WHAT IS BEING ASKED —
Each and every line below goes into your answer unchanged, but leave out the images.
● ● ●
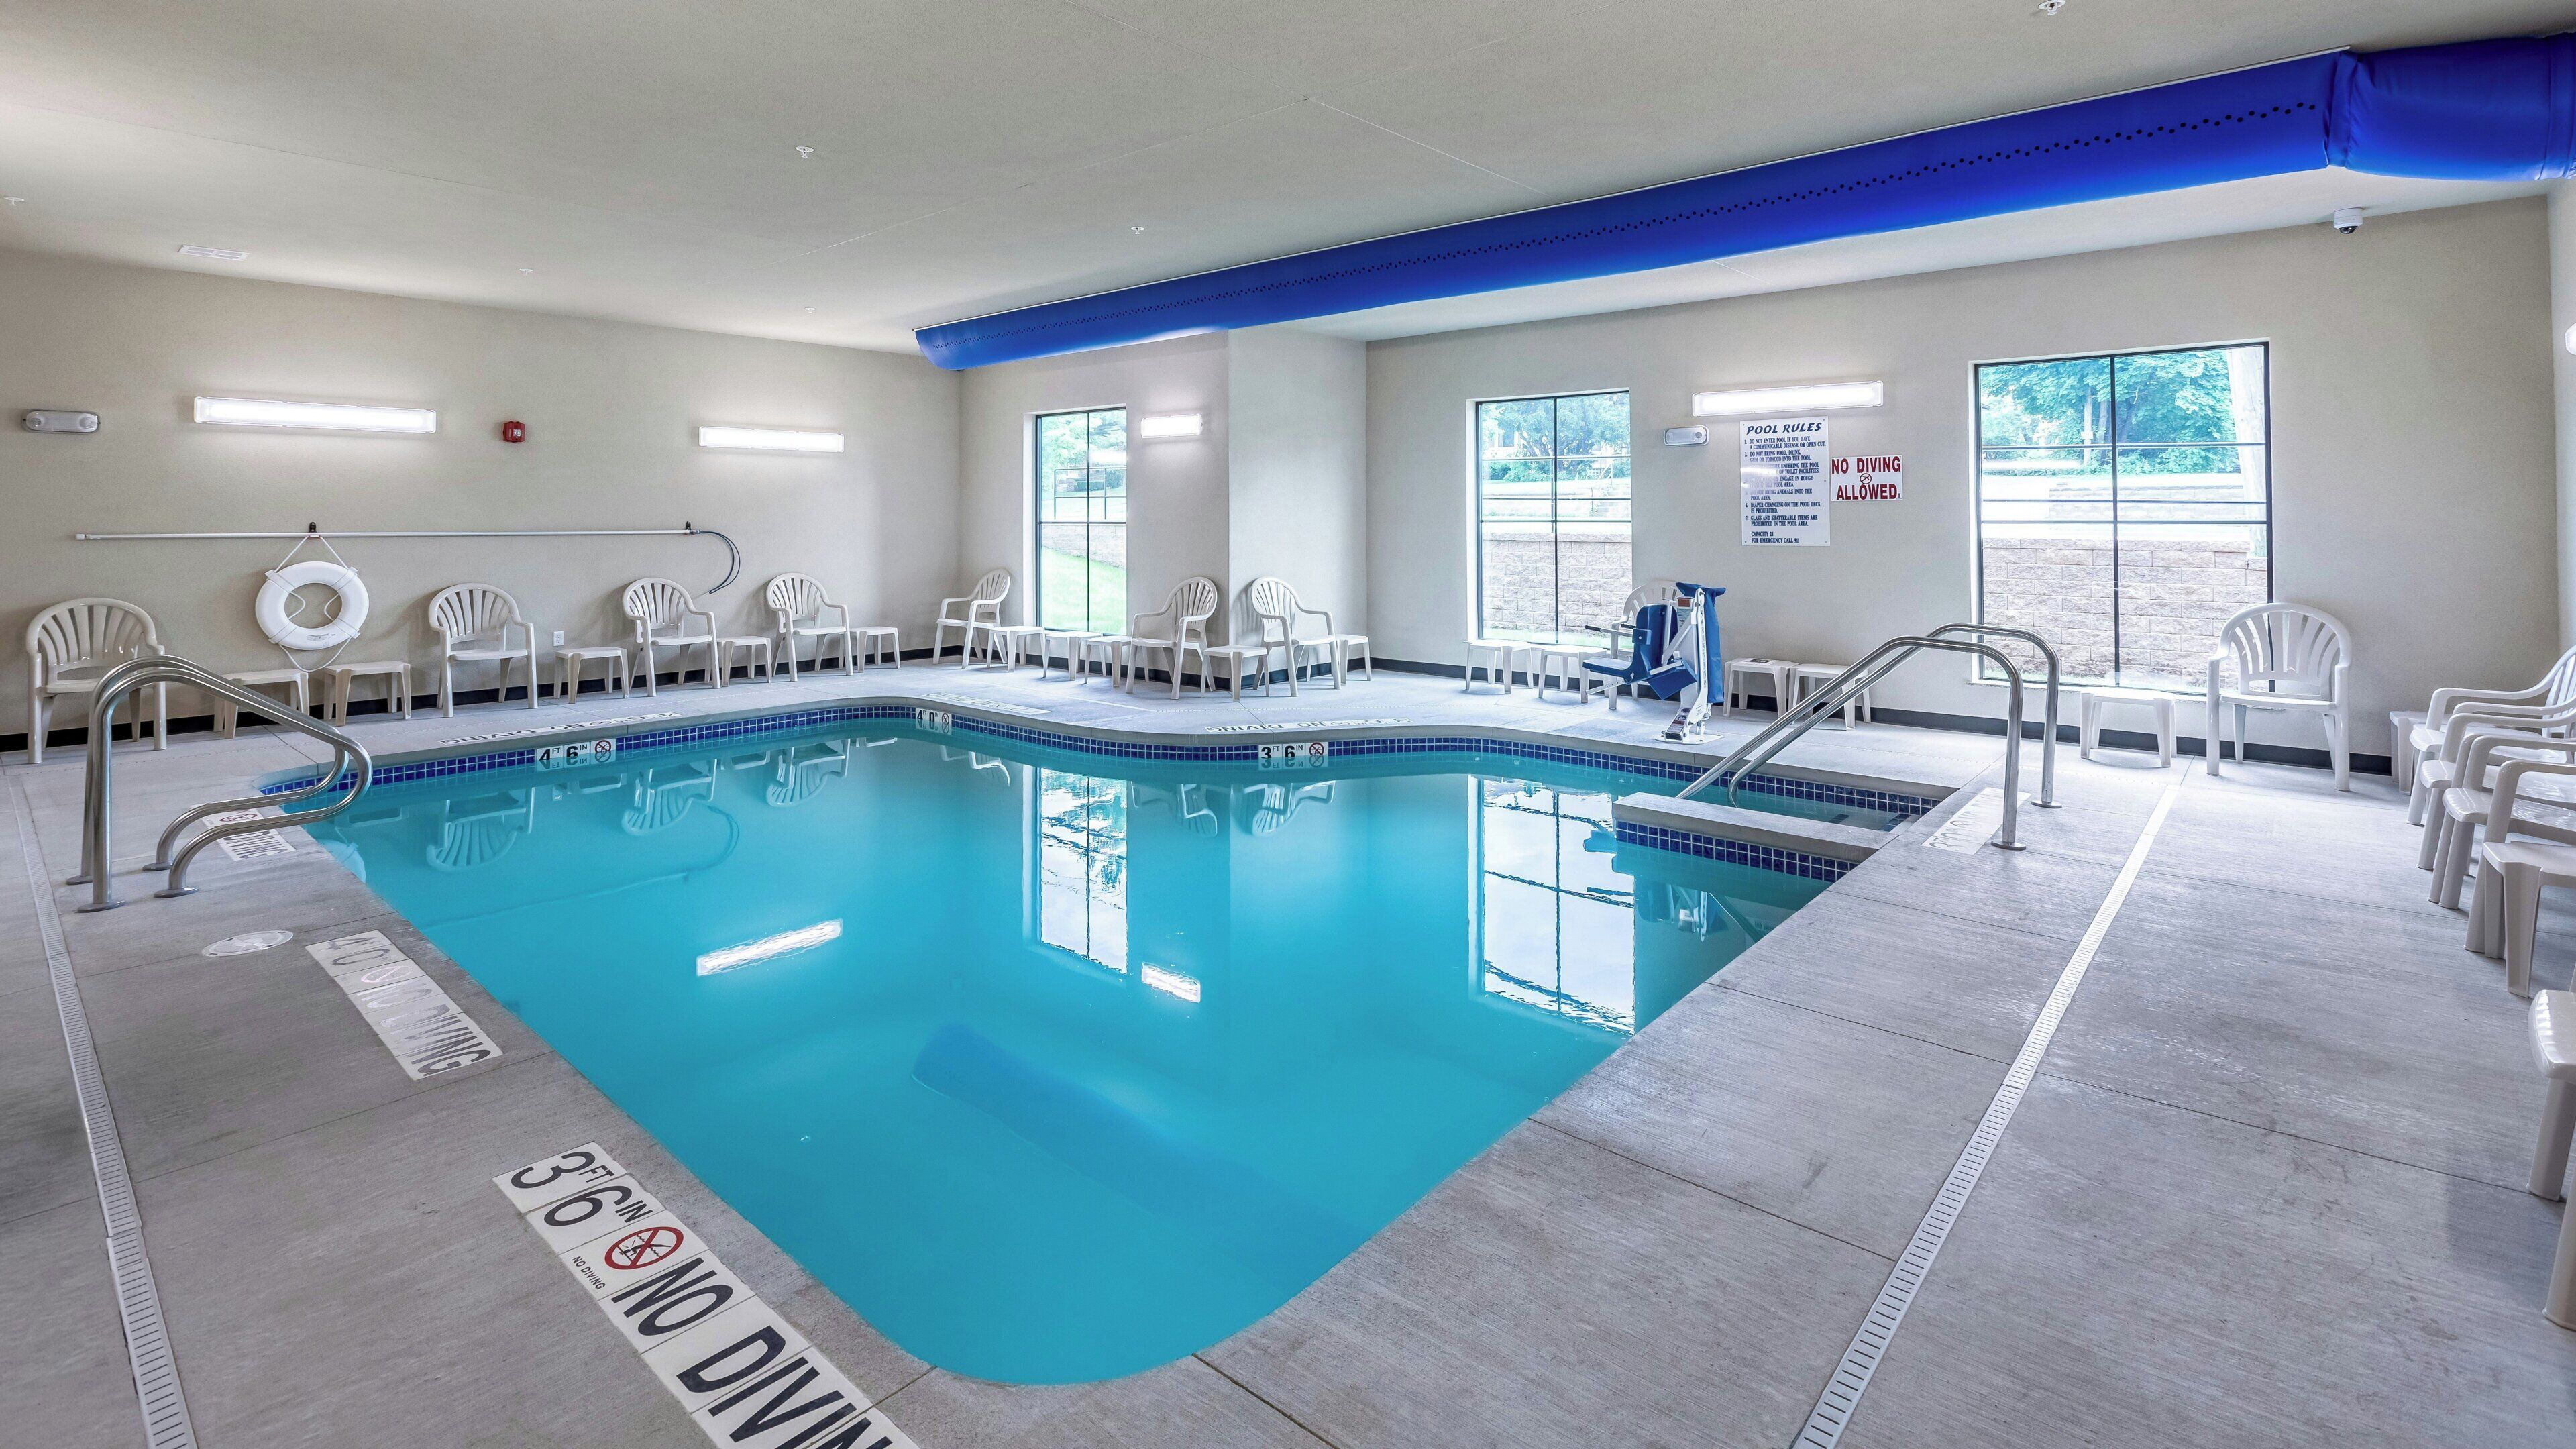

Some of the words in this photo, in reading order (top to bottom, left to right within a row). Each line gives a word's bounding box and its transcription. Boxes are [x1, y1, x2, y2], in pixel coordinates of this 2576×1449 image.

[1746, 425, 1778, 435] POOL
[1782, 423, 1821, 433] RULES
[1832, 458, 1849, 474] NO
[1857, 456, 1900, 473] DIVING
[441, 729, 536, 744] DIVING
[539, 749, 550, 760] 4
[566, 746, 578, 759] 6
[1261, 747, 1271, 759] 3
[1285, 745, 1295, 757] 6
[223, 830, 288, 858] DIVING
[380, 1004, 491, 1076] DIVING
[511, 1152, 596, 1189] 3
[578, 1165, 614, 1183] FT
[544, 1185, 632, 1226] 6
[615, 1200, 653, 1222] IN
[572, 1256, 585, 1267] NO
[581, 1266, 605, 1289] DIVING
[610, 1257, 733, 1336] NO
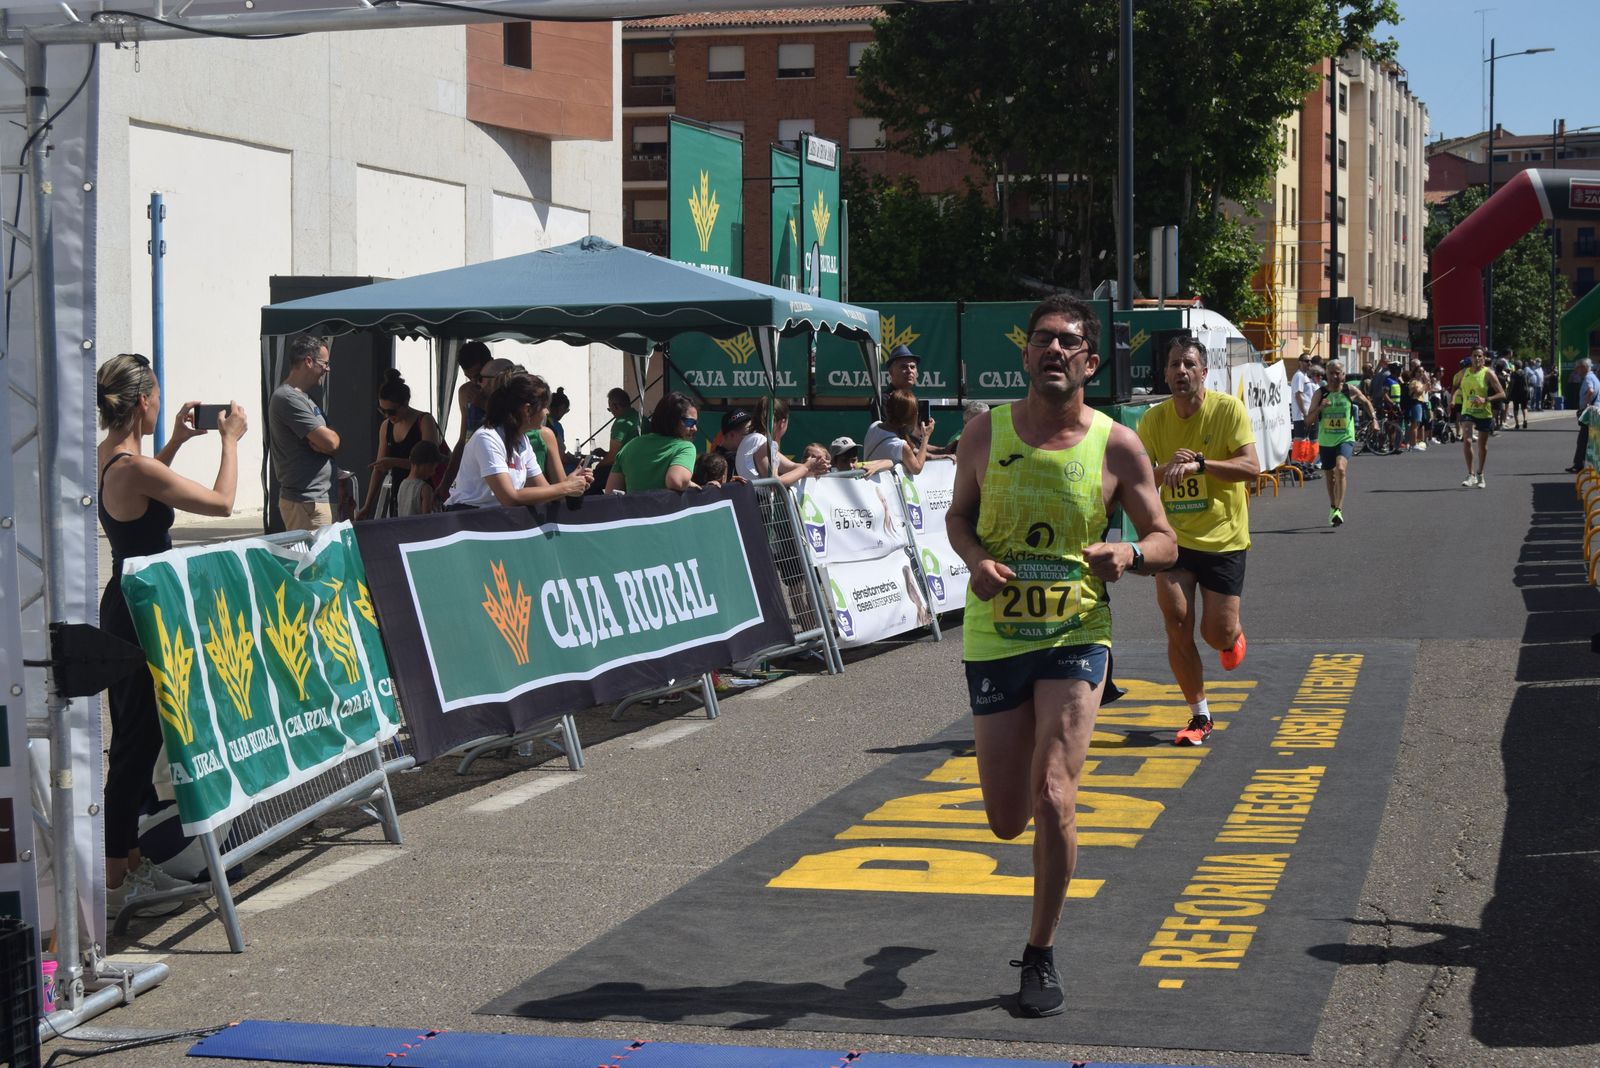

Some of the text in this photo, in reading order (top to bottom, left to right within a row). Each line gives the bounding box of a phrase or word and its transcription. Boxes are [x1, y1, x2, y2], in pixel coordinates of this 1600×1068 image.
● ● ●
RESPONSE TO THE EXERCISE —
Some of the words in this photo, in reading order (top to bottom, left to right within a row). Each line gives a word's bounding box and its transcription. Boxes are [x1, y1, x2, y2], in pixel coordinates of this 2576×1449 image.

[1746, 425, 1778, 435] POOL
[1782, 423, 1821, 433] RULES
[1832, 458, 1849, 474] NO
[1857, 456, 1900, 473] DIVING
[441, 729, 536, 744] DIVING
[539, 749, 550, 760] 4
[566, 746, 578, 759] 6
[1261, 747, 1271, 759] 3
[1285, 745, 1295, 757] 6
[223, 830, 288, 858] DIVING
[380, 1004, 491, 1076] DIVING
[511, 1152, 596, 1189] 3
[578, 1165, 614, 1183] FT
[544, 1185, 632, 1226] 6
[615, 1200, 653, 1222] IN
[572, 1256, 585, 1267] NO
[581, 1266, 605, 1289] DIVING
[610, 1257, 733, 1336] NO

Some of the text in this photo, in reading order (top to bottom, left to right within a row). Each line gives the bounding box of a phrase or word and its transcription. Boxes are [x1, y1, x2, y2], in pixel coordinates of this 1600×1068 image.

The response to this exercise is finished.